Startup Sets Sights On Improved Vision Care

Wikipedia

Massachusetts Institute of Technology (MIT) spinout PlenOptika is working to improve vision care in developing countries. The startup is hard at work designing portable and highly accurate autorefractors. These autorefractors are capable of measuring minute refractive errors in the eyes, and can come up with an estimated prescription in a mere ten seconds. This technology is fast, effective, and far more affordable than current options for developing countries.

Vision impairment is a major concern. According to MIT News, over 2 billion people across the world don’t have access to the proper corrective lenses. This problem is far worse in developing countries, where many people simply don’t have an optometrist anywhere nearby. These people are forced to cope by whatever means are available, and their quality of life can drastically suffer as a result.

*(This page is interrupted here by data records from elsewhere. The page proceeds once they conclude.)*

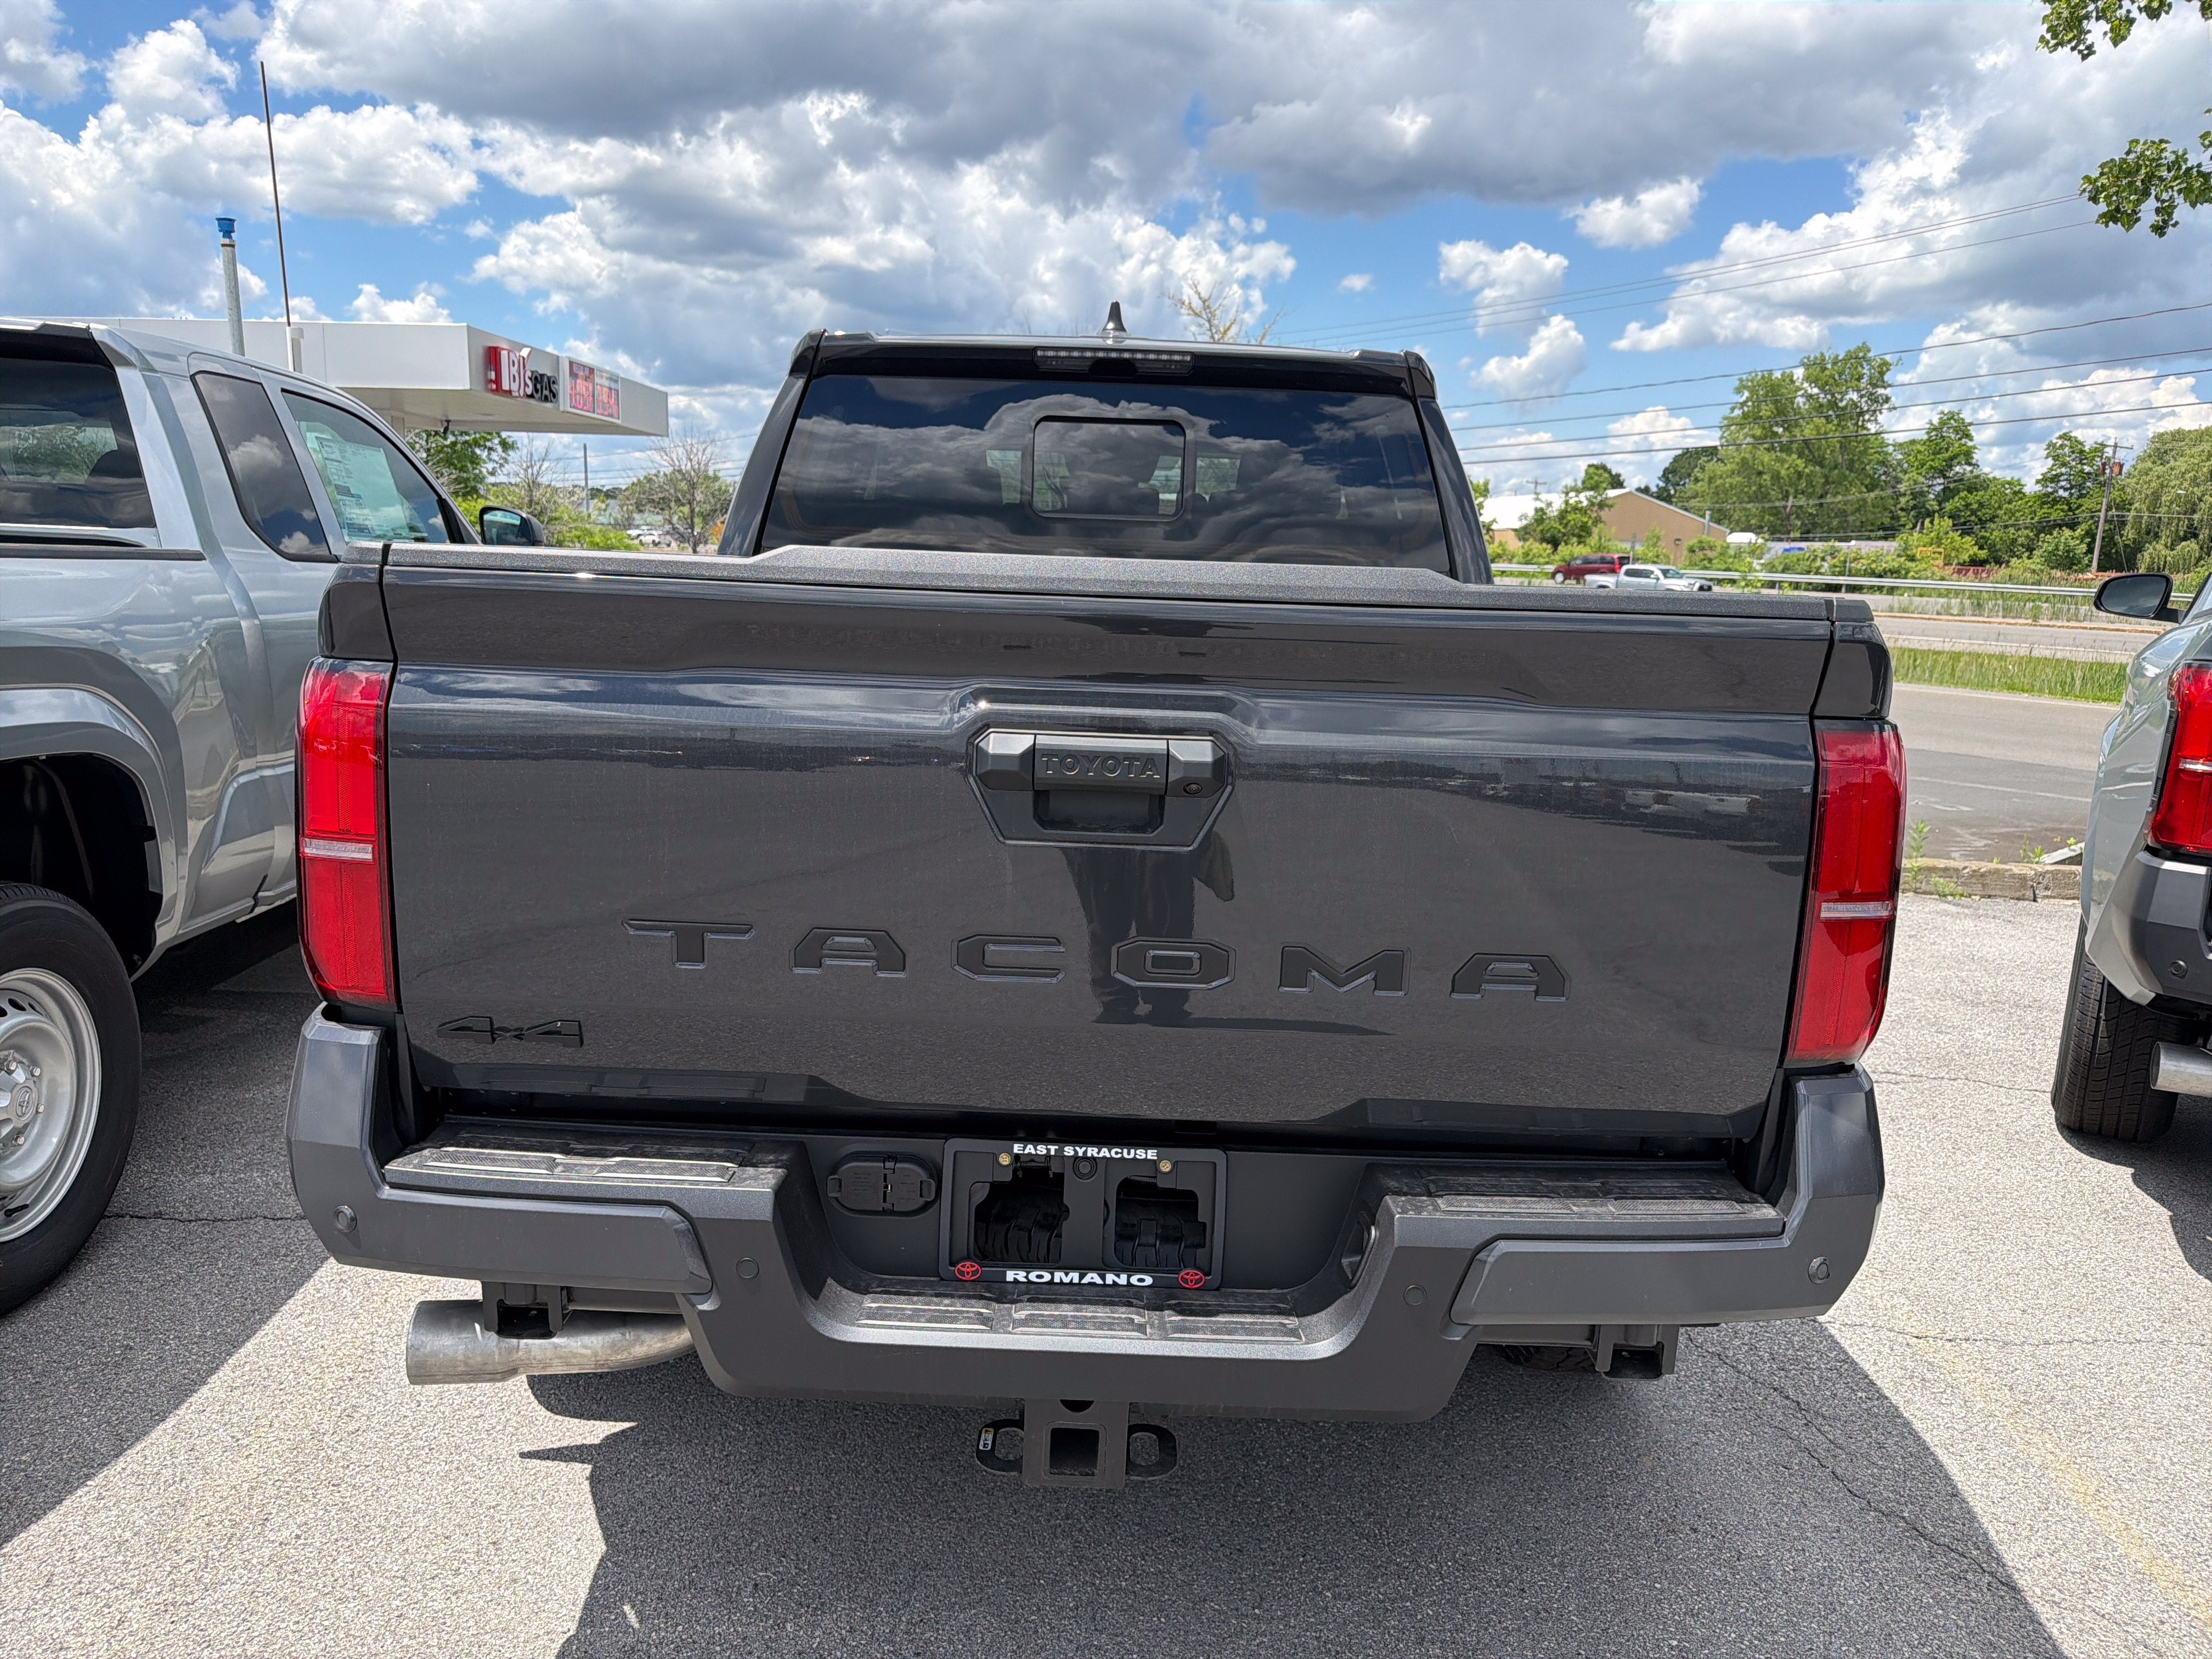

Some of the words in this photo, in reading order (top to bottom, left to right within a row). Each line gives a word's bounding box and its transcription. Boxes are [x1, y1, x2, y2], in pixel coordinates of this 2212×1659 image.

[532, 370, 559, 403] GAS
[1041, 753, 1160, 778] TOYOTA
[622, 917, 1570, 1002] TACOMA
[1013, 1143, 1059, 1156] EAST
[1063, 1146, 1158, 1160] SYRACUSE
[1006, 1269, 1153, 1286] ROMANO
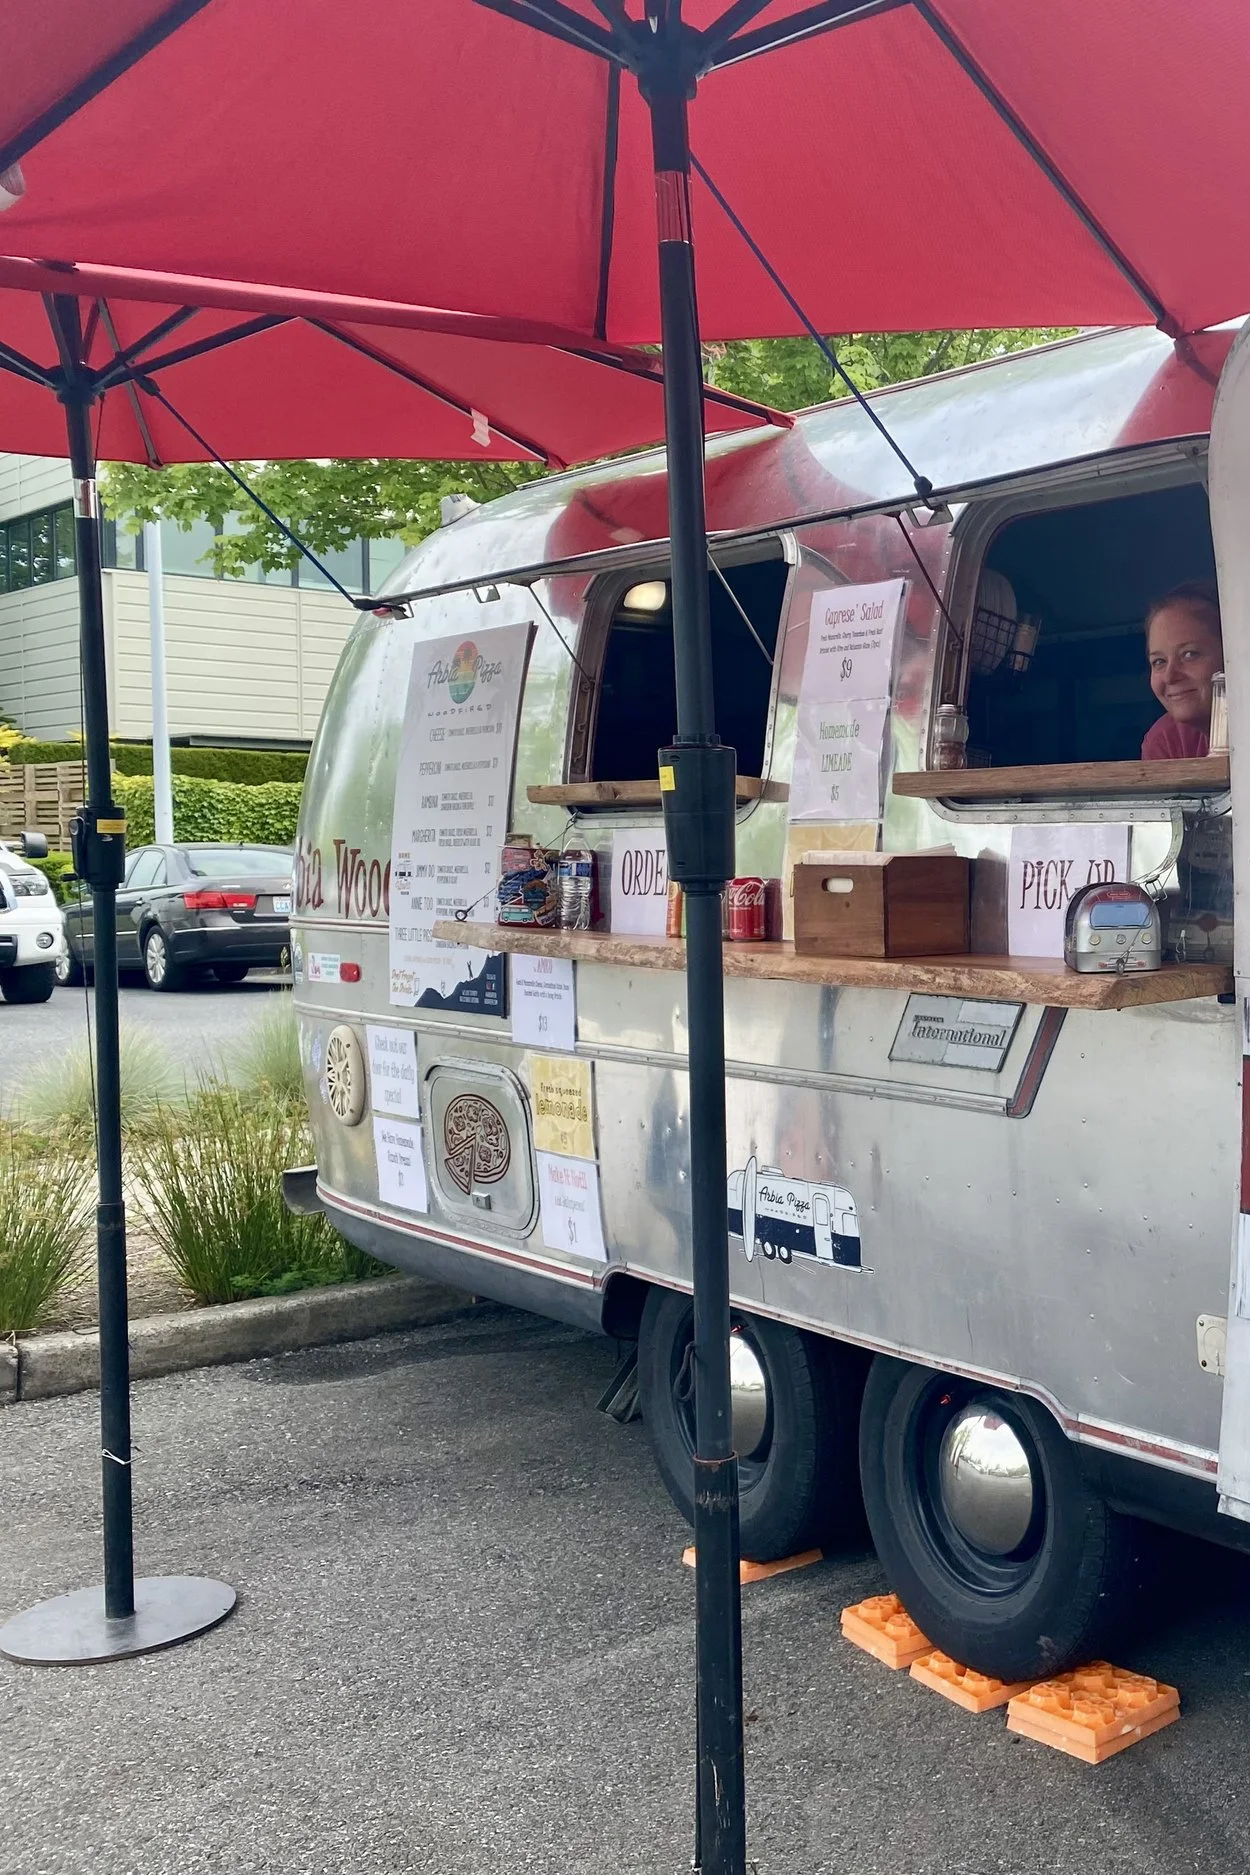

PlenOptika wants to change this. It took six years of development to achieve this goal. During that time there were eight product versions, and several clinical studies involving 1,500 patients from five countries. All of this adds up to one unique device, called QuickSee.

QuickSee works thanks to a modified version of the same technology used to map the eye before LASIK surgery. This device is called a wavefront aberrometer. It shines light into the eye, which is reflected of the retina. The light is measured after it has passed back through the eye’s lens and cornea. From there aberrations in the light waves can be used to determine a variety of vision issues, included nearsightedness and astigmatism.

The device itself most closely resembles a pair of binoculars. All a patient has to do is look through the viewing end at an object in the distance. A technician starts the measurement, which takes roughly ten seconds. Once completed, QuickSee provides users with a detailed prescription estimate.

Besides being fast and effective, QuickSee is far less expensive than current vision technology. Traditional devices are stationary and roughly the size of a table, making them difficult to transport to more remote areas. Furthermore, the old devices come in at around $15,000 each. QuickSee sells for a third of the price.

QuickSee is currently available in India. PlenOptika has plans to increase its production to primary and secondary markets across the globe.